I have a mid-sized family. I live in the midwest. I am the product of a house fire, but when you say that, people get the wrong idea. I was never burned, and neither was anyone else, so put that out of your head. Further explanation could identify me. I am not necessarily white, but I'm not necessarily black. Ooooh, that was kind of snappy. I like it.
I love strawberry cupcakes with strawberry icing. I know it's indulgent, but fuck it. I spent my entire life playing it safe. That's right. I'm walking on the wild side, starting with pastries. My entire life is a mess, but the great thing about this mess is that right now, everyone still loves me. Once the cards start falling, I'm sure things will change, but hey, I'll be here to document my demise. Entertaining reading for you.

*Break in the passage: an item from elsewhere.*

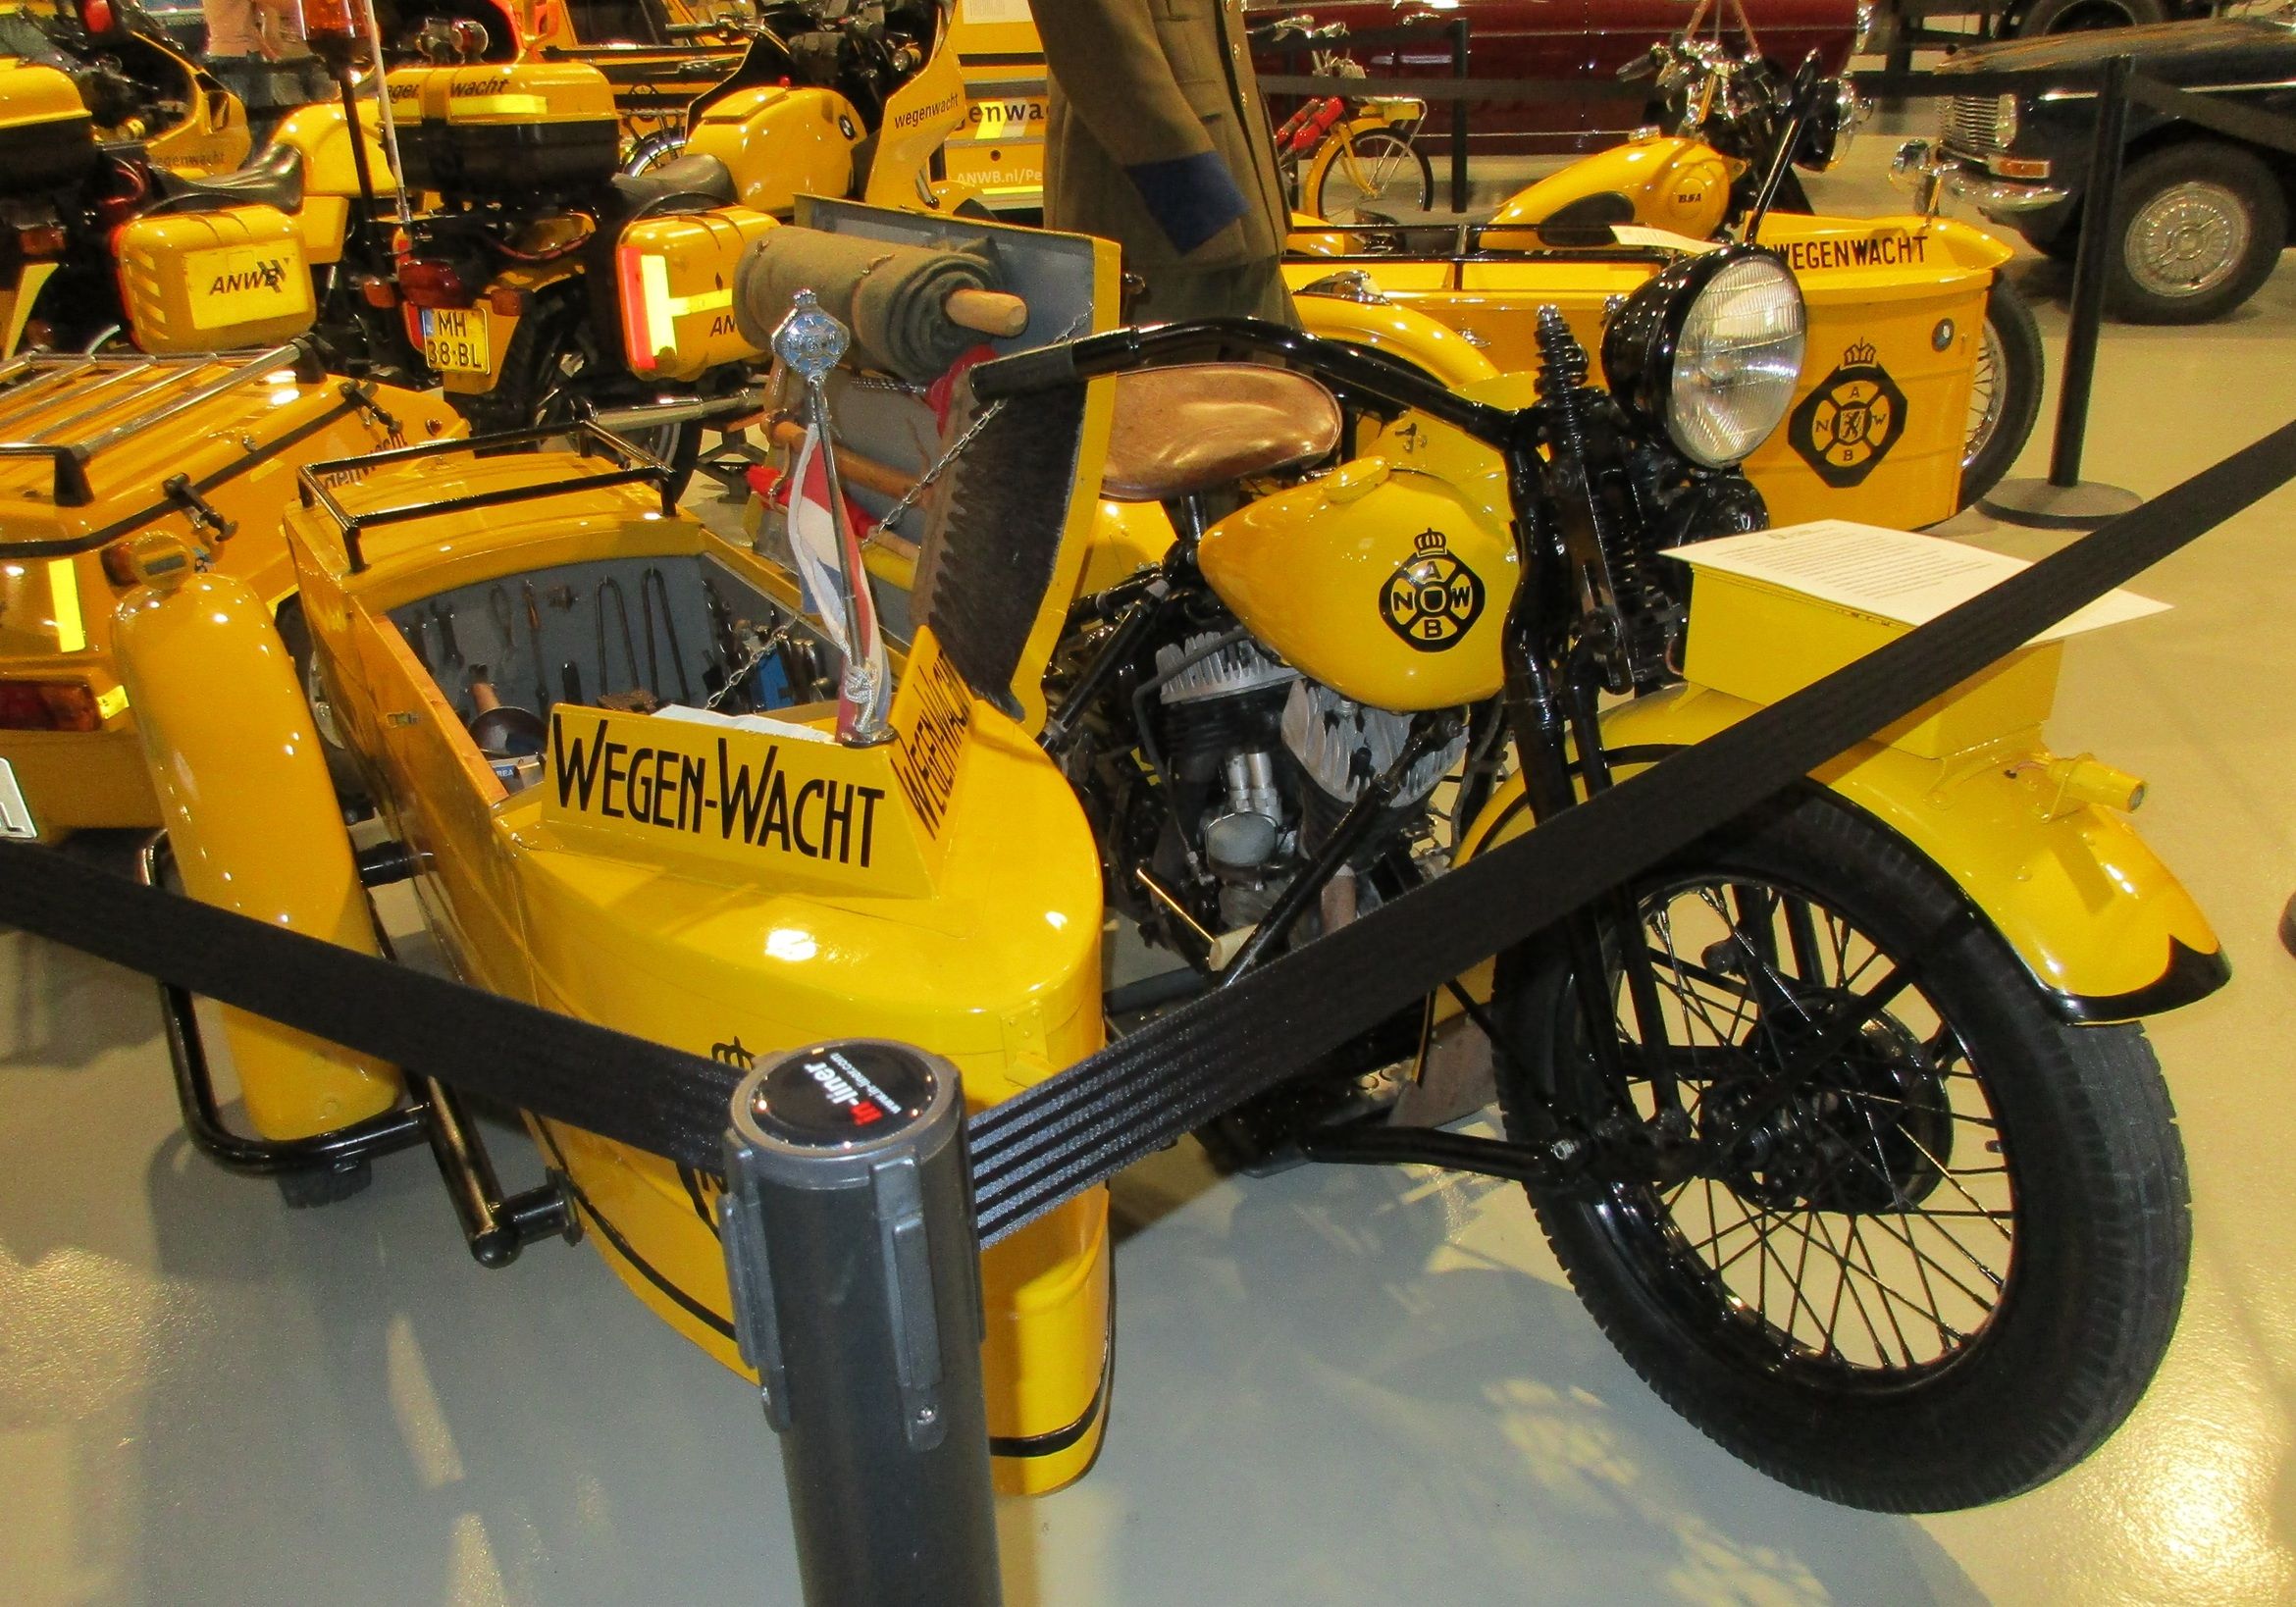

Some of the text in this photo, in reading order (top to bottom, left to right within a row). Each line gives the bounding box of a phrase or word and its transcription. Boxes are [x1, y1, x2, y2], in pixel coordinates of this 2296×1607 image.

I listen to lots of music, and love lyrics. Lyric analyzation takes up a ton of my day. I also spend a lot of time wanting to write lyrics, and I should carry something with me, because I come up with fucking diamonds constantly, but then I forget them. I have too much going on to remember insignificant shit like two lines to a new song I want to write anymore.
Anyway, I'm going to stop babbling. The idea of this blog is just to have somewhere to go to talk, expose myself without getting arrested, and show you some cool shit I know. Hope you love it as much as I love sharing it.